154

65 8 0
                                    

Sarah küçük bir iç çekerek dağınık saçlarının uçlarını sinir bozucu bir şeymiş gibi okşadı

Oops! Bu görüntü içerik kurallarımıza uymuyor. Yayımlamaya devam etmek için görüntüyü kaldırmayı ya da başka bir görüntü yüklemeyi deneyin.

Sarah küçük bir iç çekerek dağınık saçlarının uçlarını sinir bozucu bir şeymiş gibi okşadı.
"Ailem nasıl yaşadığım konusunda onaylarını almak için bana sormuyor bile. Ama şimdi öğrencim bundan hoşlanmadığını söylemek için elinden geleni yapıyor......"
Kendisine her zaman sessizce bakan Kont Millen ve karısının yüzlerini hatırladı, sanki özgürleşmişler gibi gülümsüyorlardı. Onları hatırlayınca Sarah'nın ağzının kenarları biraz gevşedi. Kont Millen çifti sayesinde Sarah bu büyük güçle normal bir hayat yaşamayı öğrenmişti.
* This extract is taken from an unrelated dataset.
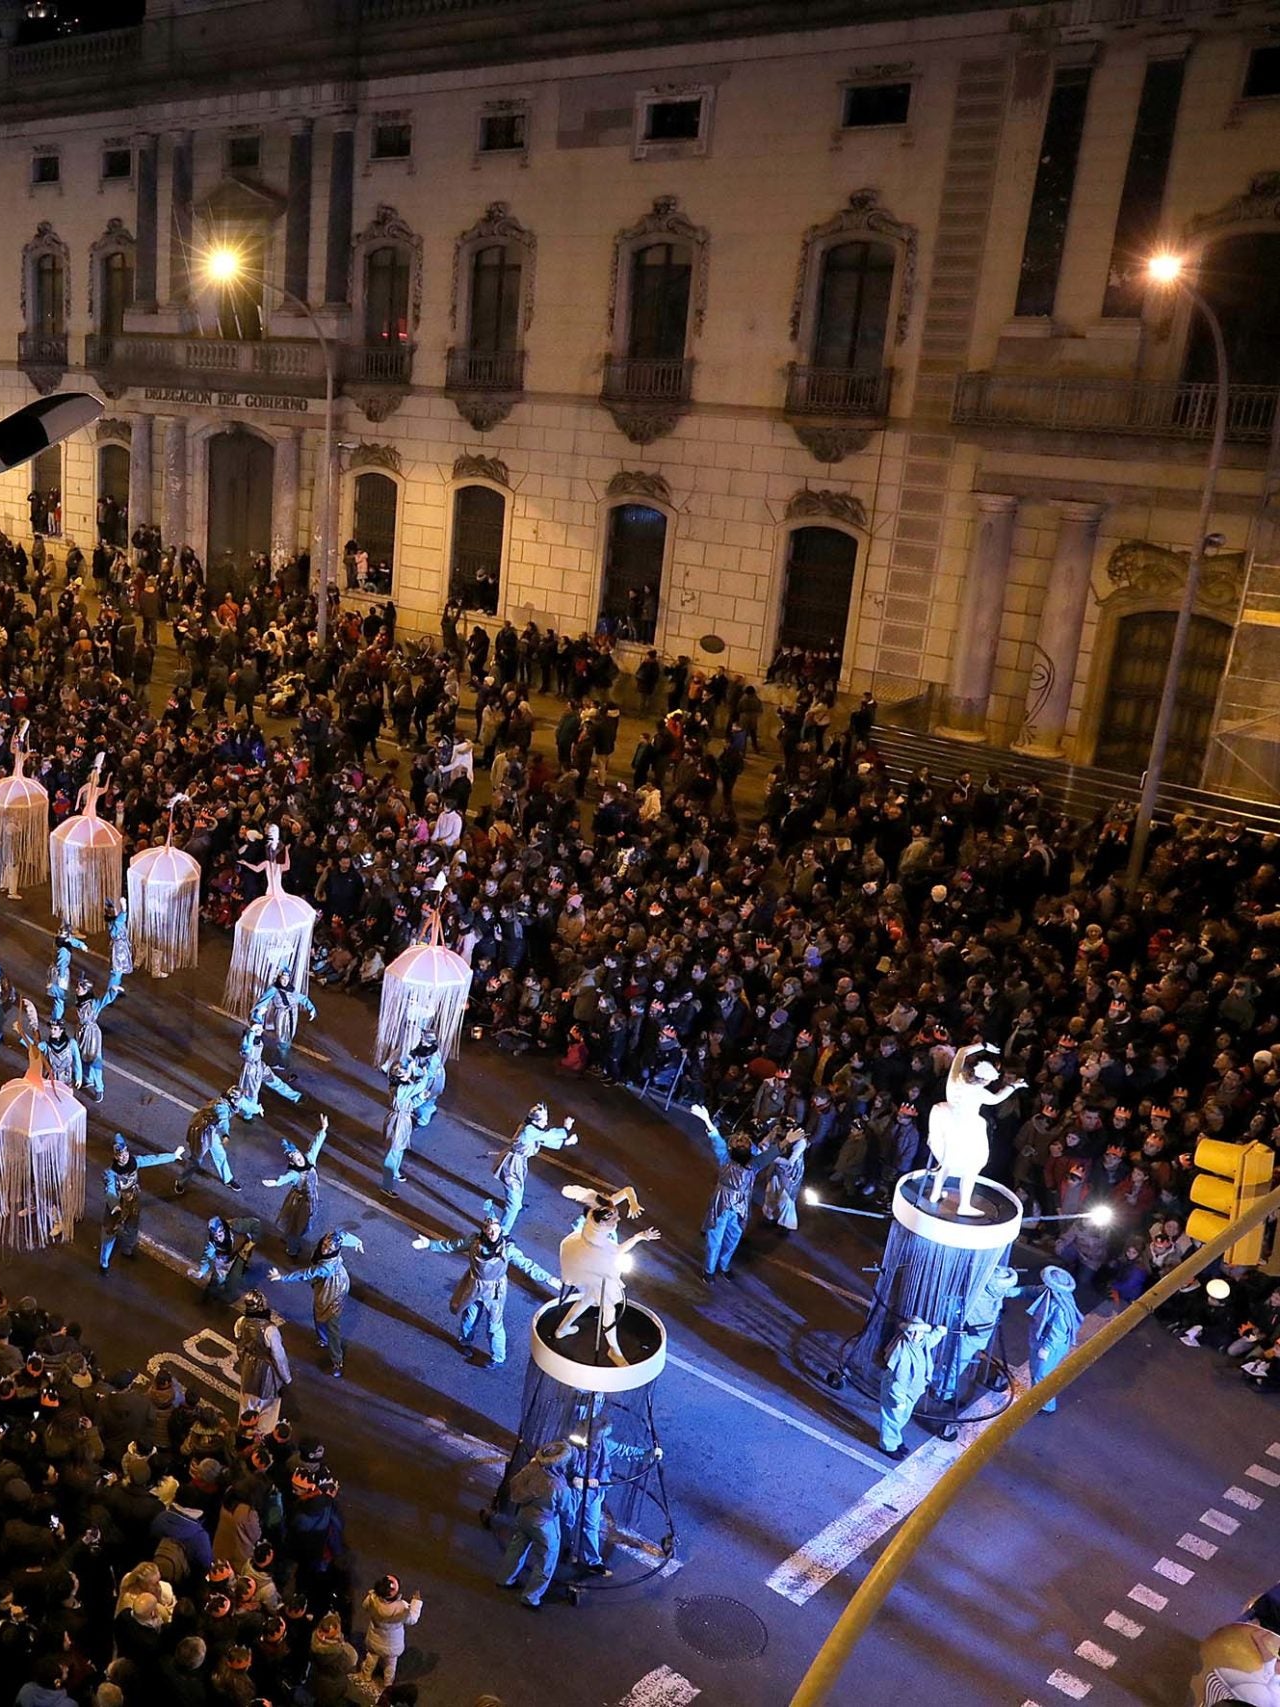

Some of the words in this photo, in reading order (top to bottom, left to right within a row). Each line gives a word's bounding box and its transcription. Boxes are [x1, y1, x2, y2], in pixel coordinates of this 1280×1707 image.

[144, 388, 212, 405] DELEGACION
[218, 393, 241, 407] DEL
[245, 395, 309, 412] GOBIERNO
Onlar olmasaydı, belki de Oliven'in çirkin benliği o olabilirdi.
'Gücünüz bir lütuf ya da bir lanet olabilir. Eğer bu gücü doğru şey için kullanırsan, bir lütuf olacaktır.
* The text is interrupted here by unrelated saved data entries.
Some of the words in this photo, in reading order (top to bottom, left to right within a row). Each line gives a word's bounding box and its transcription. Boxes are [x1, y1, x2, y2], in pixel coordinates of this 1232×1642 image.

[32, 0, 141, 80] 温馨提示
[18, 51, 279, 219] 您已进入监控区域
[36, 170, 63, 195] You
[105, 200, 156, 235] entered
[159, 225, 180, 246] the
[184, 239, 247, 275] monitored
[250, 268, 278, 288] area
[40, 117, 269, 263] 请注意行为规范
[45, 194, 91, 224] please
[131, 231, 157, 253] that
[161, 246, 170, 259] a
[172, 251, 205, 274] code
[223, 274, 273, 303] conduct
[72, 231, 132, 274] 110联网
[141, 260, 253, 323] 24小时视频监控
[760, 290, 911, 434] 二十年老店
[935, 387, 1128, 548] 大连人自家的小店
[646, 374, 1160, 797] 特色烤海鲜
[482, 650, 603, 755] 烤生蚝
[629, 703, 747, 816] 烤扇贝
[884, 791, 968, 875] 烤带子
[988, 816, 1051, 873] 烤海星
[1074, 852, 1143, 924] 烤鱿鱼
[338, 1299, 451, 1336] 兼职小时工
Olağanüstü bir güçle doğan kızının sihirli kuleye gittiği gün onu uğurlayan Kont Millen'ın sesini hatırladı.
'Doğuştan getirdiğimiz bir şey var, bu yüzden istemediğimiz bir yolda yürüyebiliriz. Ama lütfen şunu bil. Seni çok seviyoruz, benim minik yavru kuşum.
Ambrosia'nın gücünü incelemek için ailesinin kapısını kapatıp inzivaya çekilmesi gerektiğini söylediğinde bile gülümseyip ona sarıldığında kollarının sıcaklığını hatırladı. Onun sırtını okşarken ellerinin titreyişini hatırlıyordu.
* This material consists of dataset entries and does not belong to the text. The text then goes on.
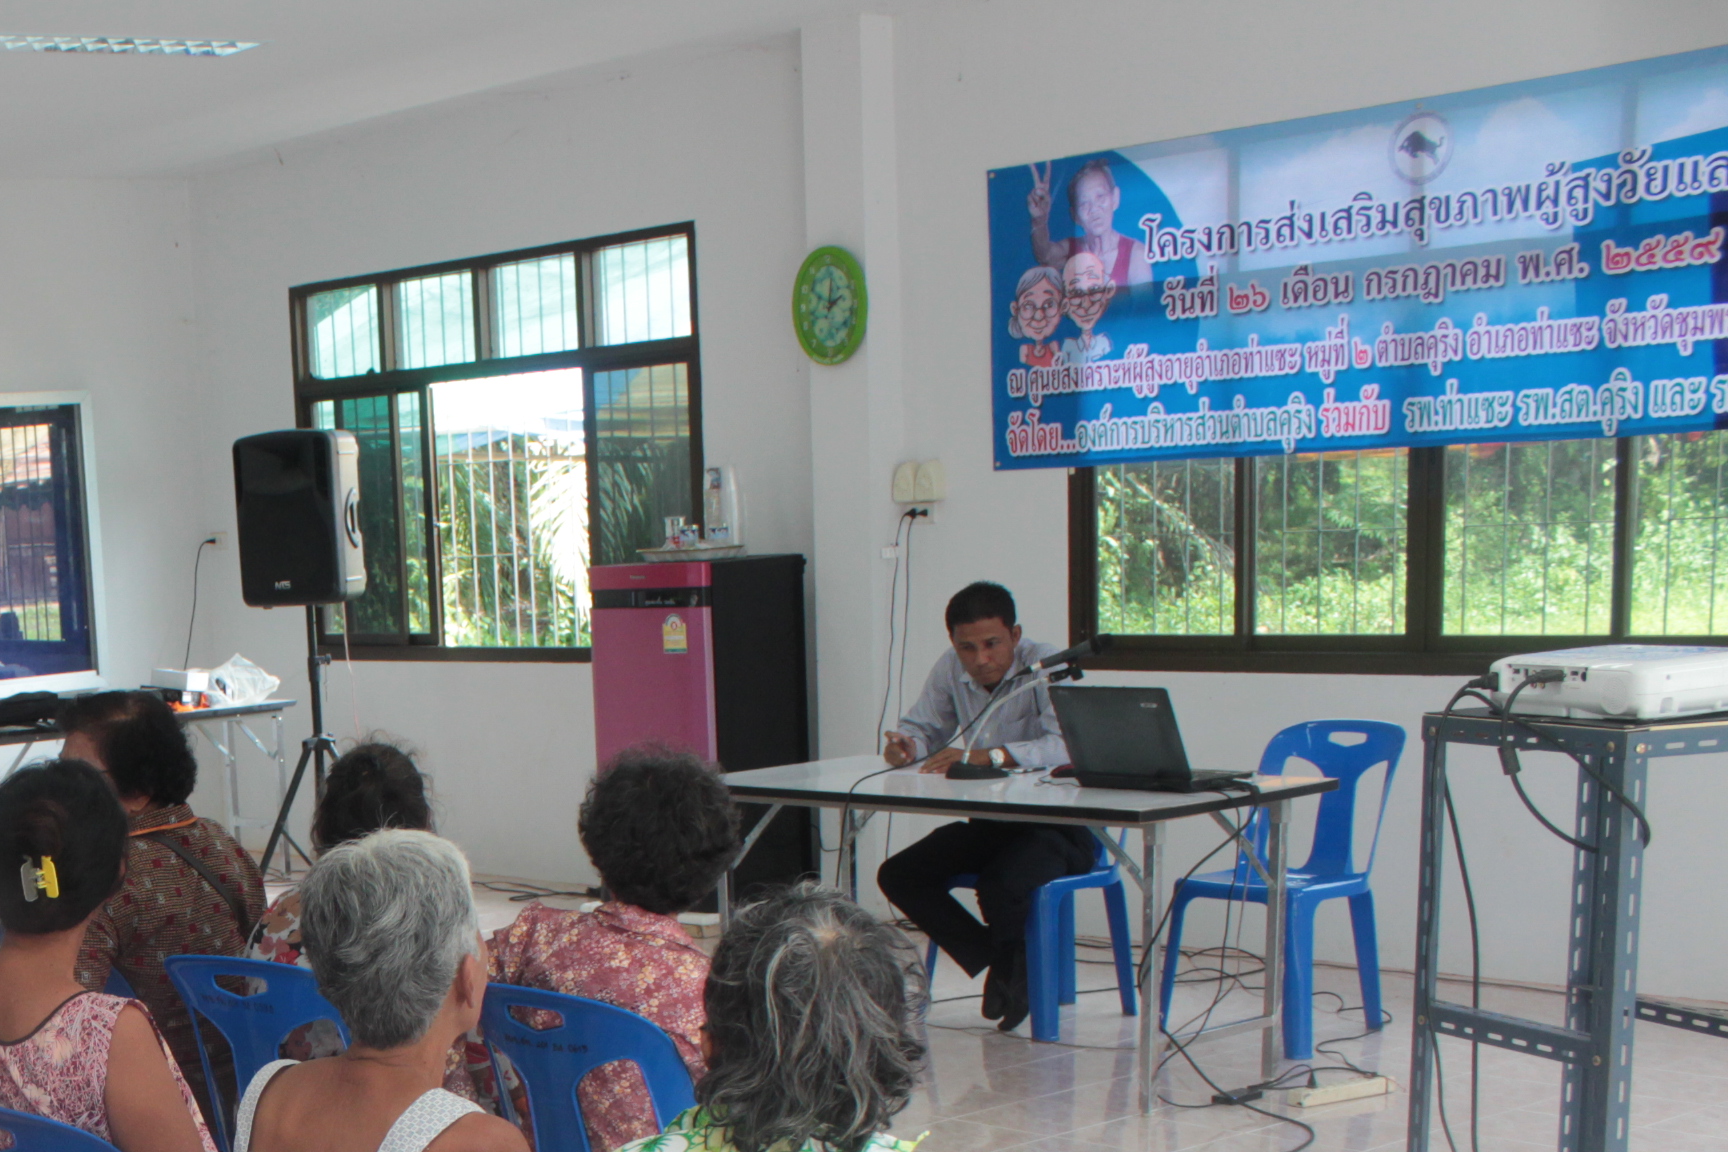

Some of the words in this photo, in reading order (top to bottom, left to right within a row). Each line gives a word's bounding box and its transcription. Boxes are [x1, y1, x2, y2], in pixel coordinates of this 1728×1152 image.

[1163, 265, 1215, 317] วันที่
[1229, 283, 1267, 310] ๒๖
[1282, 264, 1349, 305] เดือน
[1365, 257, 1502, 300] กรกฎาคม
[1518, 245, 1586, 281] พ.ศ.
[1604, 230, 1722, 271] ๒๕๕๙
[1009, 372, 1024, 394] ณ
[1307, 318, 1346, 380] หมู่ที่
[1354, 340, 1368, 364] ๒
[1377, 322, 1459, 371] ตำบลคุริง
[1469, 310, 1595, 356] อำเภอท่าแซะ
[1607, 298, 1728, 352] จังหวัดชุมพ
[1322, 388, 1389, 435] ร่วมกับ
[1651, 380, 1703, 414] และ
'Sarah Millen, benim gururlu kızım. Bir Millen olduğunu unutma ve her zaman bu onura uygun davran.
Bir zamanlar, genç kızının sonsuz gücü karşısında dehşete düştüğünü hissetmişti. Bir gün, boşluğa aptal gibi bakan kızının başını okşayarak ağlamaklı bir gece geçirmekten yoruldu. Yine de ona sürekli olarak karşılıksız gücü öğretti ve gücün ağırlığını öğretti. Sıradan bir insan tarafından yetiştirilmişti. Bu, sihirli kulenin Büyük Yaşlı'sıydı.
"Bunun saygı olduğunu biliyorum. Çünkü ben öğrendim. Bana öğretilenleri sana da öğrettim ama sonunda sen açgözlülüğünü tatmin etmeyi seçtin."
Sarah hayal kırıklığı dolu bir sesle konuştu.
"......"
Buradan kaçıp gitmek istiyordu çünkü Oliven'i teker teker bıçaklıyor gibiydi.
"Tekrar söyle."
"Usta, I......"
"Ah ah, benim için miydi?"
Sarah'nın sesinde soğuk bir şekilde akan belli belirsiz bir gülümseme vardı. Sanki ilginç bir yorum duymuş gibiydi.
"Bana verdikleriniz sayesinde ne kazandım?"
"......"
"Zar zor uzaklaştırılan Birinci Prens yeniden Alton'a yerleştiriliyor, İmparator can sıkıcı, saklamak istediğim kimlik sihirli kulede ortaya çıktı ve yaptıklarınla ilgilenmek zorundayım, Dük-nim çok çalışıyor ve Claude-nim ağlıyor......"
Oliven yüzünden başına gelenleri bir bir sıralayan Sarah'nın yüzü yavaş yavaş yorgunlukla lekeleniyordu. Bunu yüksek sesle söylediğinde ise öfkesinin yeniden yükseldiğini hissetti çünkü hepsi can sıkıcı şeylerdi.
"Ayrıca, bu sayede orada ruhumun başına garip şeyler geldiğini de öğrendim."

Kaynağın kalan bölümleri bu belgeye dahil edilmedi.